A nível político, João Ferreira Amaral considera há “debilidades que não devem ser escamoteadas”. E uma delas é na generalidade a “míope nos prazos políticos” ou seja, “as necessidades de longo prazo são muitas vezes preteridas face à luta política de curto e médio prazo” que é a “essência da alternância democrática”, refere. Sendo o setor florestal, pela sua própria natureza, um setor que “exige políticas de prazo longo sofre bastante com esta debilidade da democracia”. Mas, a problemática pode ser ultrapassada, se “houver um largo consenso político sobre os objetivos do desenvolvimento florestal”; se “o Estado, para efetivar a macrogestão do setor, criar instituições administrativas sólidas e tecnicamente capazes, relativamente protegidas das danças de lugares decorrentes da alternância política”; e se “continuarem a existir e a ter intervenção activa associações de agentes económicos e de cidadãos em geral no âmbito da floresta e do ambiente”. E com os fundos comunitários decorrentes do Plano de Recuperação e Resiliência “passou a ser possível dotar a ação do Estado na floresta com financiamento suficiente”, deixando, portanto, de “haver a desculpa da falta de dinheiro”, declara.
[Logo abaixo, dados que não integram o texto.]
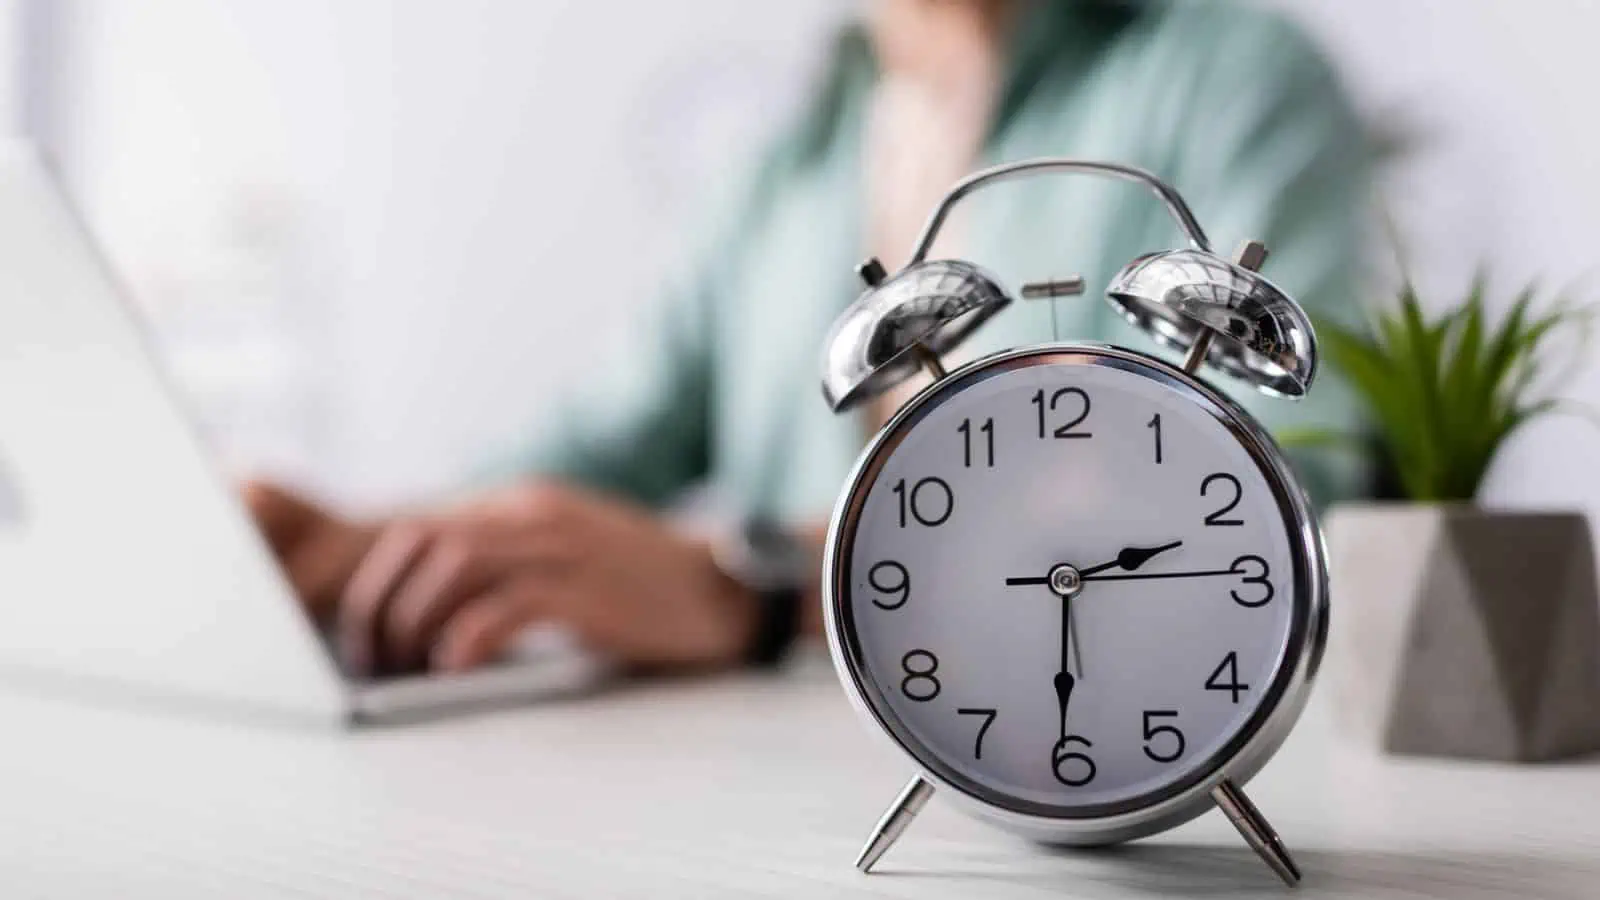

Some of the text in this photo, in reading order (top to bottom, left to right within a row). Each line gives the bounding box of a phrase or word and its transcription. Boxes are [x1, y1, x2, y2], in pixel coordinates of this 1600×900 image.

[1031, 386, 1092, 439] 12
[1147, 413, 1163, 465] 1
[957, 417, 995, 468] 11
[891, 475, 955, 529] 10
[1199, 472, 1245, 527] 2
[867, 560, 911, 612] 9
[1229, 554, 1275, 609] 3
[901, 648, 941, 702] 8
[1204, 650, 1250, 705] 4
[957, 707, 997, 760] 7
[1142, 709, 1186, 764] 5
[1051, 734, 1097, 788] 6
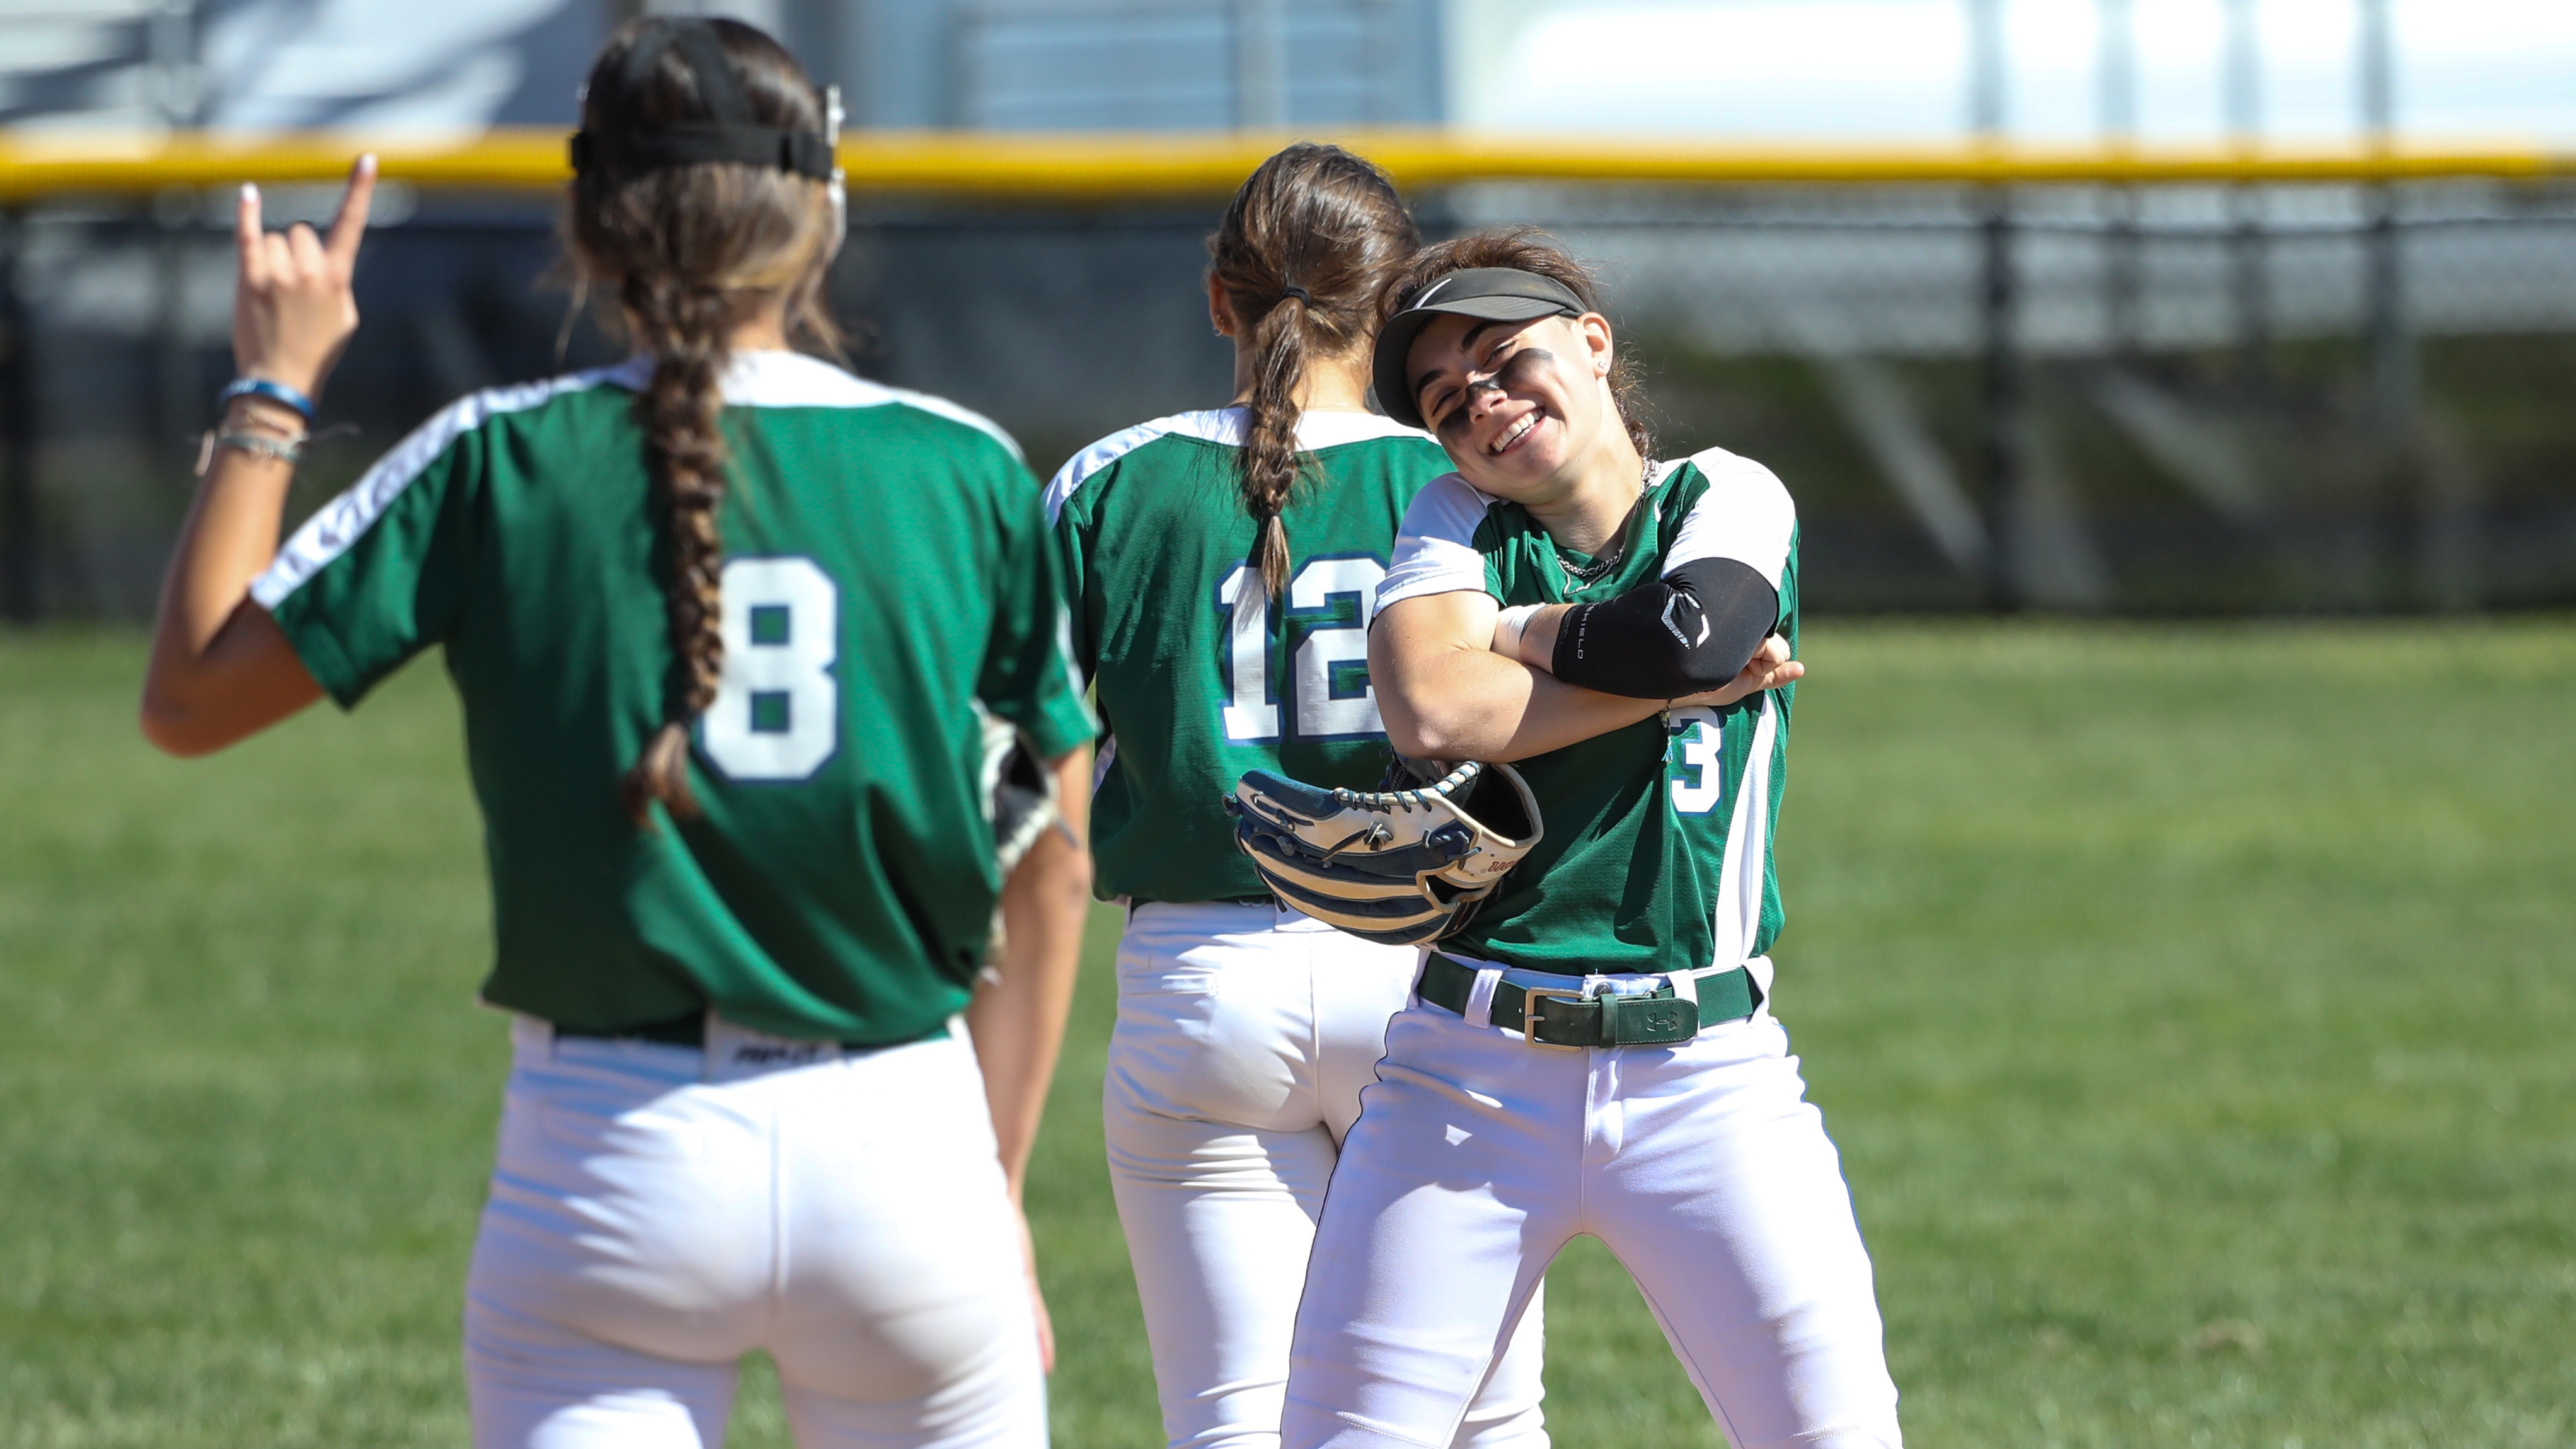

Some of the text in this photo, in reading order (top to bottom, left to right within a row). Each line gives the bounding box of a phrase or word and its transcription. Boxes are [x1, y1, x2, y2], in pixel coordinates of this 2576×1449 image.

E, vinca o docente, se a política florestal não avançar é porque os políticos falharam: “Por isso não tenho dúvidas que a política florestal ou a ausência dela será importante na avaliação futura da capacidade da atual geração de políticos”.
Que cenário prevê para daqui a 30 anos?
Prevejo que a força das coisas irá prevalecer e que iremos ter um setor florestal sustentável do ponto de vista económico, social e ambiental contribuindo ainda mais do que contribui hoje para a nossa economia e para o bem-estar ambiental do país.